▸ WHAT YOU HAVE TO DO: Transcribe every record as it stands and set the images aside.

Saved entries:
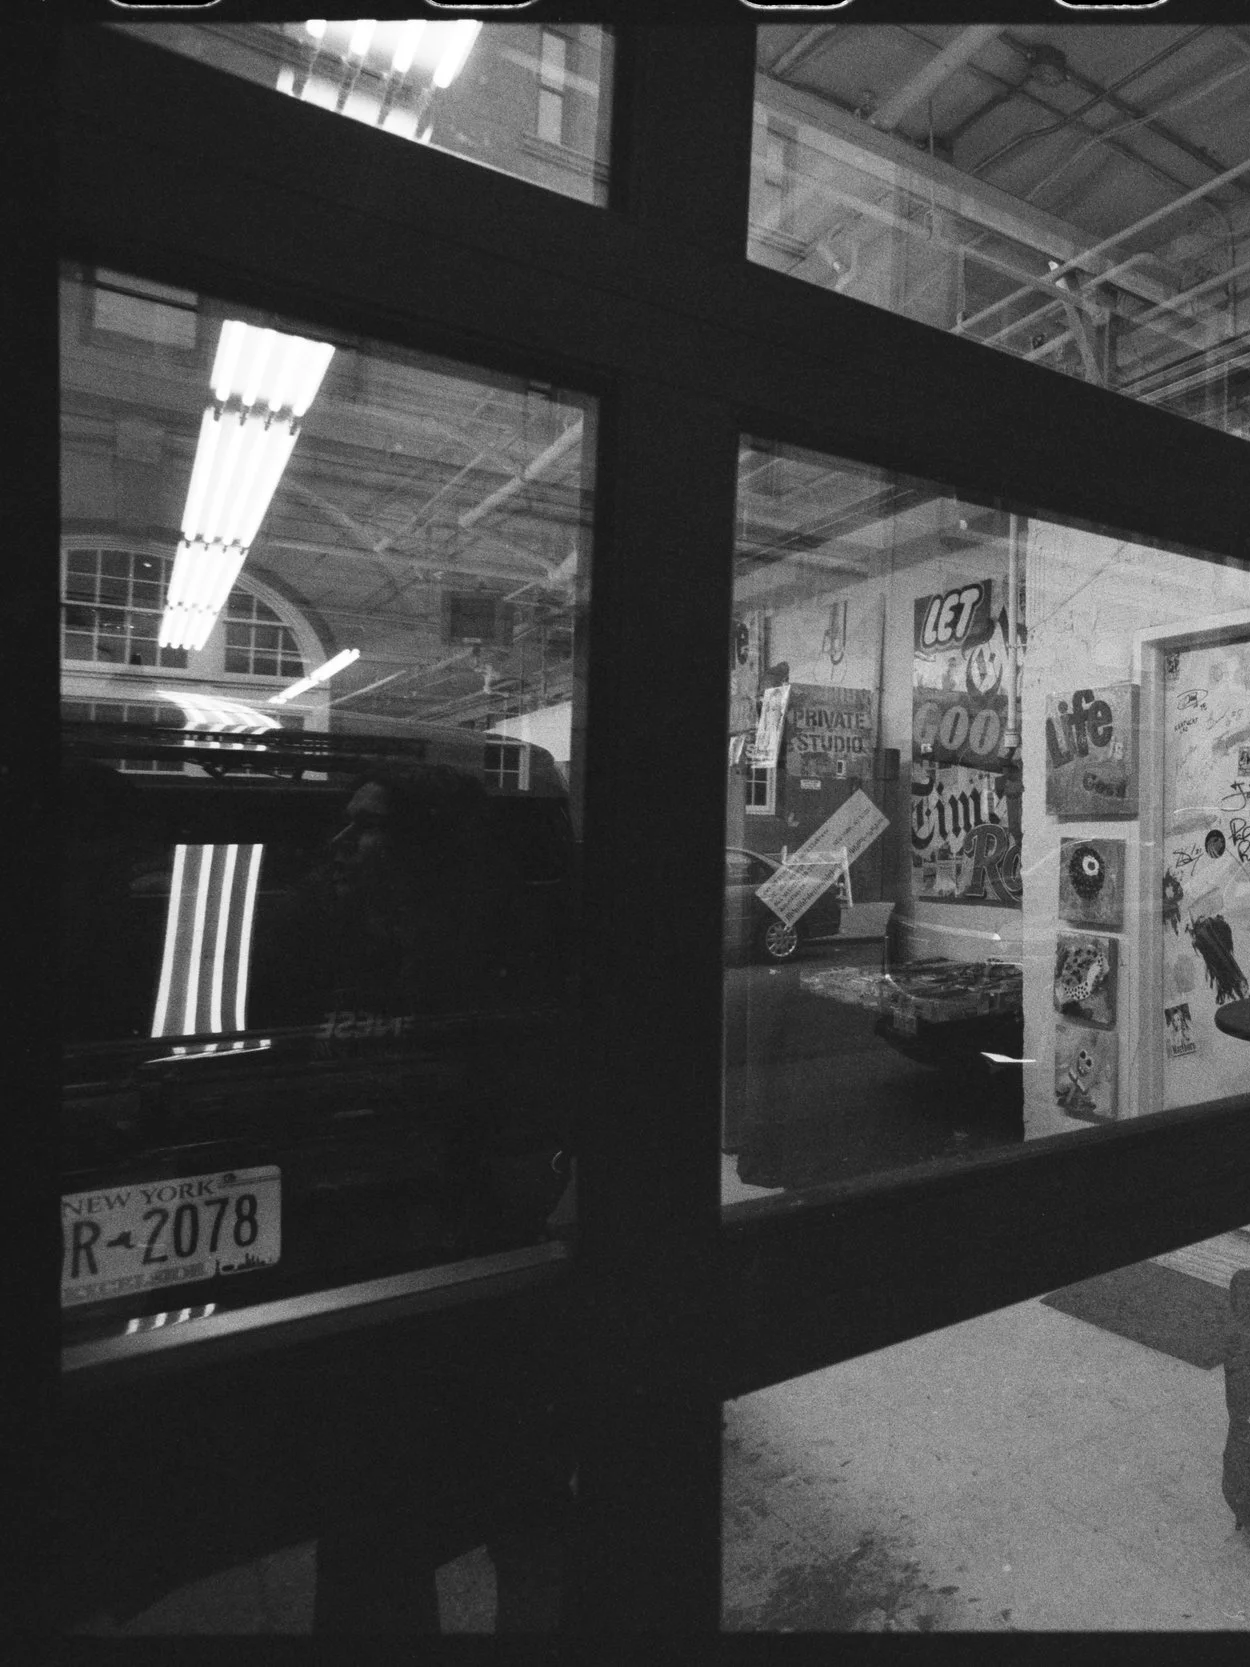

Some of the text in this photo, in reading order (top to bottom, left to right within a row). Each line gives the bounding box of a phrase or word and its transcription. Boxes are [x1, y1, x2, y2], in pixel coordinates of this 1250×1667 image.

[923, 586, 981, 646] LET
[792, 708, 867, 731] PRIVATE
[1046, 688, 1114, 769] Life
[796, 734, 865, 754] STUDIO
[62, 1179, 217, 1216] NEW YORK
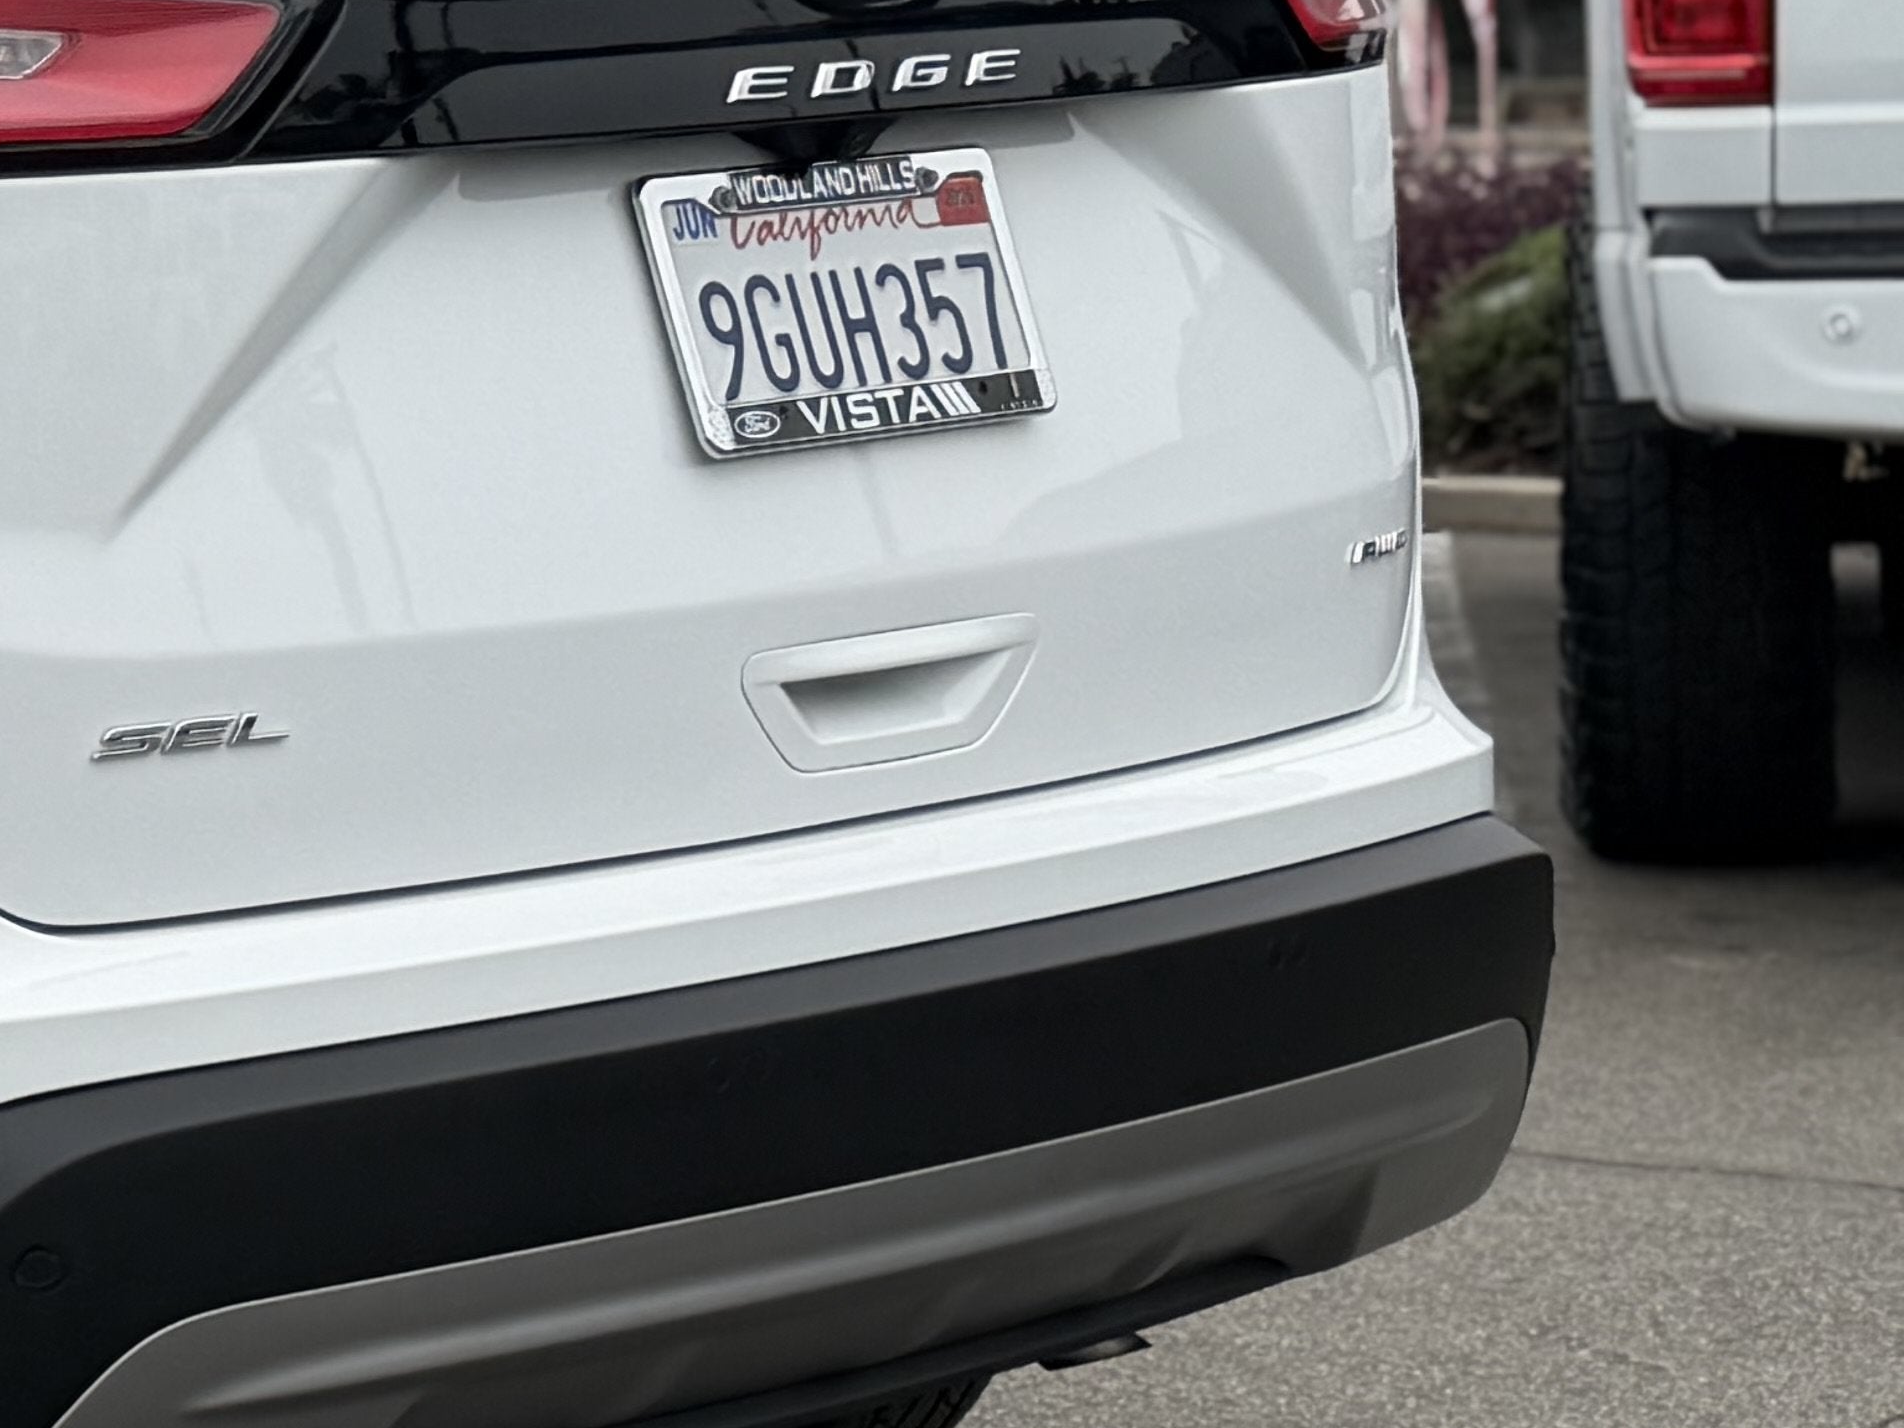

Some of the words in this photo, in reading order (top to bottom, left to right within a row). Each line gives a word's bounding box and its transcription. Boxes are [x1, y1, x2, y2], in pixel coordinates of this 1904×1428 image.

▸ ANSWER AREA:
Some of the text in this photo, in reading order (top to bottom, left to right within a row). Each line gives the bounding box of a phrase or word and its transcription. Boxes are [x1, y1, x2, y2], in pixel coordinates of this 1250×1667 image.

[923, 586, 981, 646] LET
[792, 708, 867, 731] PRIVATE
[1046, 688, 1114, 769] Life
[796, 734, 865, 754] STUDIO
[62, 1179, 217, 1216] NEW YORK

Some of the words in this photo, in reading order (top to bottom, left to right within a row). Each line gives a word's bounding box and its transcription. Boxes are [x1, y1, x2, y2], in pixel coordinates of this 1904×1428 image.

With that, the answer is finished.